◆ GOAL OF THE EXERCISE
Line by line, return the material below exactly as it reads.

------ RECORDS FOR THIS TASK

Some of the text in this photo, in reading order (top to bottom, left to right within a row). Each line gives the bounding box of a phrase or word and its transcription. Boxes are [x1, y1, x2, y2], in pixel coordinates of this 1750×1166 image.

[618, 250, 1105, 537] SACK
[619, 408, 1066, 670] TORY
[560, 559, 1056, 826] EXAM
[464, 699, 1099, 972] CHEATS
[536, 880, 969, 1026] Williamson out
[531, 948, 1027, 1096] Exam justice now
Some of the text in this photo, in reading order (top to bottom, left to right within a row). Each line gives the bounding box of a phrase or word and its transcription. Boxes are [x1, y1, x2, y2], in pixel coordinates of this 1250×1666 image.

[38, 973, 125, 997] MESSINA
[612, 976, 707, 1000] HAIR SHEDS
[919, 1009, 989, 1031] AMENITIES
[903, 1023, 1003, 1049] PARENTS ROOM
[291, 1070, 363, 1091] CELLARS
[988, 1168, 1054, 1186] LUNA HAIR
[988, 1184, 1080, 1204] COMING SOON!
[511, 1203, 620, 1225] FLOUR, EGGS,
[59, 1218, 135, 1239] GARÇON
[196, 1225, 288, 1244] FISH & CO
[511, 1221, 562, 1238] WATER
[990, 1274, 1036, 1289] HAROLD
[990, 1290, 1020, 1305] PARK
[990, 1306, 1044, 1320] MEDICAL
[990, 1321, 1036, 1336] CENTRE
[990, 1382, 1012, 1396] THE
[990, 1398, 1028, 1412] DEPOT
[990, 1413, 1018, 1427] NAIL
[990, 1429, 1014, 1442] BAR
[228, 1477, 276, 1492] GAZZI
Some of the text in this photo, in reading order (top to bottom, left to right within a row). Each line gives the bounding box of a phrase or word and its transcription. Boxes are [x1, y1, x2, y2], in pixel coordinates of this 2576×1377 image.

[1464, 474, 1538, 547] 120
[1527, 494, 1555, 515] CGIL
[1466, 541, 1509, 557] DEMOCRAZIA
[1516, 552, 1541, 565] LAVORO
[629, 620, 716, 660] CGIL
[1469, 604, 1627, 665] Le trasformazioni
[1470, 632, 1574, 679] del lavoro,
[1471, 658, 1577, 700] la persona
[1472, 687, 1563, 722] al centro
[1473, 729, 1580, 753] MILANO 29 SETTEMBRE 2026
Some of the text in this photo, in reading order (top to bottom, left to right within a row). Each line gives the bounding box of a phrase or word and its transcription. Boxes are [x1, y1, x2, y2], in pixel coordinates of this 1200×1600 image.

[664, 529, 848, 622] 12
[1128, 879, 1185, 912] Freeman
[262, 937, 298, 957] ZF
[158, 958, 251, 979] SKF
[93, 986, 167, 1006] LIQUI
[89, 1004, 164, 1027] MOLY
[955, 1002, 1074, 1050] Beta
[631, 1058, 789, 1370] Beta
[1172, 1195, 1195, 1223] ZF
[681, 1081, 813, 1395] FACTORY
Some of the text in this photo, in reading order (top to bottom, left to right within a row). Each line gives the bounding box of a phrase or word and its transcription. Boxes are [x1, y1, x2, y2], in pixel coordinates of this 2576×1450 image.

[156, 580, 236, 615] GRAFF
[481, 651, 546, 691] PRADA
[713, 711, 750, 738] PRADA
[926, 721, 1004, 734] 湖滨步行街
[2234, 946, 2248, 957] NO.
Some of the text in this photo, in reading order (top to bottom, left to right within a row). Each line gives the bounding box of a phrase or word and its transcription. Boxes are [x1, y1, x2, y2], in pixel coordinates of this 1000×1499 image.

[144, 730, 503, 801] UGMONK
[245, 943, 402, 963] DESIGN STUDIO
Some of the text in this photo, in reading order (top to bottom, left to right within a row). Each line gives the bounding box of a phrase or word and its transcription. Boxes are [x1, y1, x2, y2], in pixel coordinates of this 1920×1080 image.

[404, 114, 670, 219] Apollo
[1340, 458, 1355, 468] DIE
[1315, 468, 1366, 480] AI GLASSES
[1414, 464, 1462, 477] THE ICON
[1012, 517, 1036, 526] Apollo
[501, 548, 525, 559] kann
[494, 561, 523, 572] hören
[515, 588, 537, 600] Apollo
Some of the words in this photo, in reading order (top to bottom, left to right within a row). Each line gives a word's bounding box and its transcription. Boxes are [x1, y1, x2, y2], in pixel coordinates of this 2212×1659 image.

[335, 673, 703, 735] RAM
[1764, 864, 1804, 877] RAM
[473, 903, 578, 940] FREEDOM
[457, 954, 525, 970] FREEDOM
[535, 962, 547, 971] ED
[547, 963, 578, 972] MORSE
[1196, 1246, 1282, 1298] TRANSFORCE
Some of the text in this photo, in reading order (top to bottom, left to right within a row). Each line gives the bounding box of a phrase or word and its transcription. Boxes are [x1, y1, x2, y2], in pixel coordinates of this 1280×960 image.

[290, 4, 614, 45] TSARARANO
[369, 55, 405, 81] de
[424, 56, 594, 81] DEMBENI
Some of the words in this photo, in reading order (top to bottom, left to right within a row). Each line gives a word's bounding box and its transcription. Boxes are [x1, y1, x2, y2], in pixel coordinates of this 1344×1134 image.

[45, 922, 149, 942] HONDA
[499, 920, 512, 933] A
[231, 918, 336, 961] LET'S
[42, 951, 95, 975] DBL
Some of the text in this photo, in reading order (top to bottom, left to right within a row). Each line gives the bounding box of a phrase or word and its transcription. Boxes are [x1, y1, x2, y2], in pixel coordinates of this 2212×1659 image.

------------

◆ ANSWER TO THE PROBLEM
Some of the text in this photo, in reading order (top to bottom, left to right within a row). Each line gives the bounding box of a phrase or word and its transcription. Boxes are [x1, y1, x2, y2], in pixel coordinates of this 1750×1166 image.

[618, 250, 1105, 537] SACK
[619, 408, 1066, 670] TORY
[560, 559, 1056, 826] EXAM
[464, 699, 1099, 972] CHEATS
[536, 880, 969, 1026] Williamson out
[531, 948, 1027, 1096] Exam justice now
Some of the text in this photo, in reading order (top to bottom, left to right within a row). Each line gives the bounding box of a phrase or word and its transcription. Boxes are [x1, y1, x2, y2], in pixel coordinates of this 1250×1666 image.

[38, 973, 125, 997] MESSINA
[612, 976, 707, 1000] HAIR SHEDS
[919, 1009, 989, 1031] AMENITIES
[903, 1023, 1003, 1049] PARENTS ROOM
[291, 1070, 363, 1091] CELLARS
[988, 1168, 1054, 1186] LUNA HAIR
[988, 1184, 1080, 1204] COMING SOON!
[511, 1203, 620, 1225] FLOUR, EGGS,
[59, 1218, 135, 1239] GARÇON
[196, 1225, 288, 1244] FISH & CO
[511, 1221, 562, 1238] WATER
[990, 1274, 1036, 1289] HAROLD
[990, 1290, 1020, 1305] PARK
[990, 1306, 1044, 1320] MEDICAL
[990, 1321, 1036, 1336] CENTRE
[990, 1382, 1012, 1396] THE
[990, 1398, 1028, 1412] DEPOT
[990, 1413, 1018, 1427] NAIL
[990, 1429, 1014, 1442] BAR
[228, 1477, 276, 1492] GAZZI
Some of the text in this photo, in reading order (top to bottom, left to right within a row). Each line gives the bounding box of a phrase or word and its transcription. Boxes are [x1, y1, x2, y2], in pixel coordinates of this 2576×1377 image.

[1464, 474, 1538, 547] 120
[1527, 494, 1555, 515] CGIL
[1466, 541, 1509, 557] DEMOCRAZIA
[1516, 552, 1541, 565] LAVORO
[629, 620, 716, 660] CGIL
[1469, 604, 1627, 665] Le trasformazioni
[1470, 632, 1574, 679] del lavoro,
[1471, 658, 1577, 700] la persona
[1472, 687, 1563, 722] al centro
[1473, 729, 1580, 753] MILANO 29 SETTEMBRE 2026
Some of the text in this photo, in reading order (top to bottom, left to right within a row). Each line gives the bounding box of a phrase or word and its transcription. Boxes are [x1, y1, x2, y2], in pixel coordinates of this 1200×1600 image.

[664, 529, 848, 622] 12
[1128, 879, 1185, 912] Freeman
[262, 937, 298, 957] ZF
[158, 958, 251, 979] SKF
[93, 986, 167, 1006] LIQUI
[89, 1004, 164, 1027] MOLY
[955, 1002, 1074, 1050] Beta
[631, 1058, 789, 1370] Beta
[1172, 1195, 1195, 1223] ZF
[681, 1081, 813, 1395] FACTORY
Some of the text in this photo, in reading order (top to bottom, left to right within a row). Each line gives the bounding box of a phrase or word and its transcription. Boxes are [x1, y1, x2, y2], in pixel coordinates of this 2576×1450 image.

[156, 580, 236, 615] GRAFF
[481, 651, 546, 691] PRADA
[713, 711, 750, 738] PRADA
[926, 721, 1004, 734] 湖滨步行街
[2234, 946, 2248, 957] NO.
Some of the text in this photo, in reading order (top to bottom, left to right within a row). Each line gives the bounding box of a phrase or word and its transcription. Boxes are [x1, y1, x2, y2], in pixel coordinates of this 1000×1499 image.

[144, 730, 503, 801] UGMONK
[245, 943, 402, 963] DESIGN STUDIO
Some of the text in this photo, in reading order (top to bottom, left to right within a row). Each line gives the bounding box of a phrase or word and its transcription. Boxes are [x1, y1, x2, y2], in pixel coordinates of this 1920×1080 image.

[404, 114, 670, 219] Apollo
[1340, 458, 1355, 468] DIE
[1315, 468, 1366, 480] AI GLASSES
[1414, 464, 1462, 477] THE ICON
[1012, 517, 1036, 526] Apollo
[501, 548, 525, 559] kann
[494, 561, 523, 572] hören
[515, 588, 537, 600] Apollo
Some of the words in this photo, in reading order (top to bottom, left to right within a row). Each line gives a word's bounding box and its transcription. Boxes are [x1, y1, x2, y2], in pixel coordinates of this 2212×1659 image.

[335, 673, 703, 735] RAM
[1764, 864, 1804, 877] RAM
[473, 903, 578, 940] FREEDOM
[457, 954, 525, 970] FREEDOM
[535, 962, 547, 971] ED
[547, 963, 578, 972] MORSE
[1196, 1246, 1282, 1298] TRANSFORCE
Some of the text in this photo, in reading order (top to bottom, left to right within a row). Each line gives the bounding box of a phrase or word and its transcription. Boxes are [x1, y1, x2, y2], in pixel coordinates of this 1280×960 image.

[290, 4, 614, 45] TSARARANO
[369, 55, 405, 81] de
[424, 56, 594, 81] DEMBENI
Some of the words in this photo, in reading order (top to bottom, left to right within a row). Each line gives a word's bounding box and its transcription. Boxes are [x1, y1, x2, y2], in pixel coordinates of this 1344×1134 image.

[45, 922, 149, 942] HONDA
[499, 920, 512, 933] A
[231, 918, 336, 961] LET'S
[42, 951, 95, 975] DBL
Some of the text in this photo, in reading order (top to bottom, left to right within a row). Each line gives the bounding box of a phrase or word and its transcription. Boxes are [x1, y1, x2, y2], in pixel coordinates of this 2212×1659 image.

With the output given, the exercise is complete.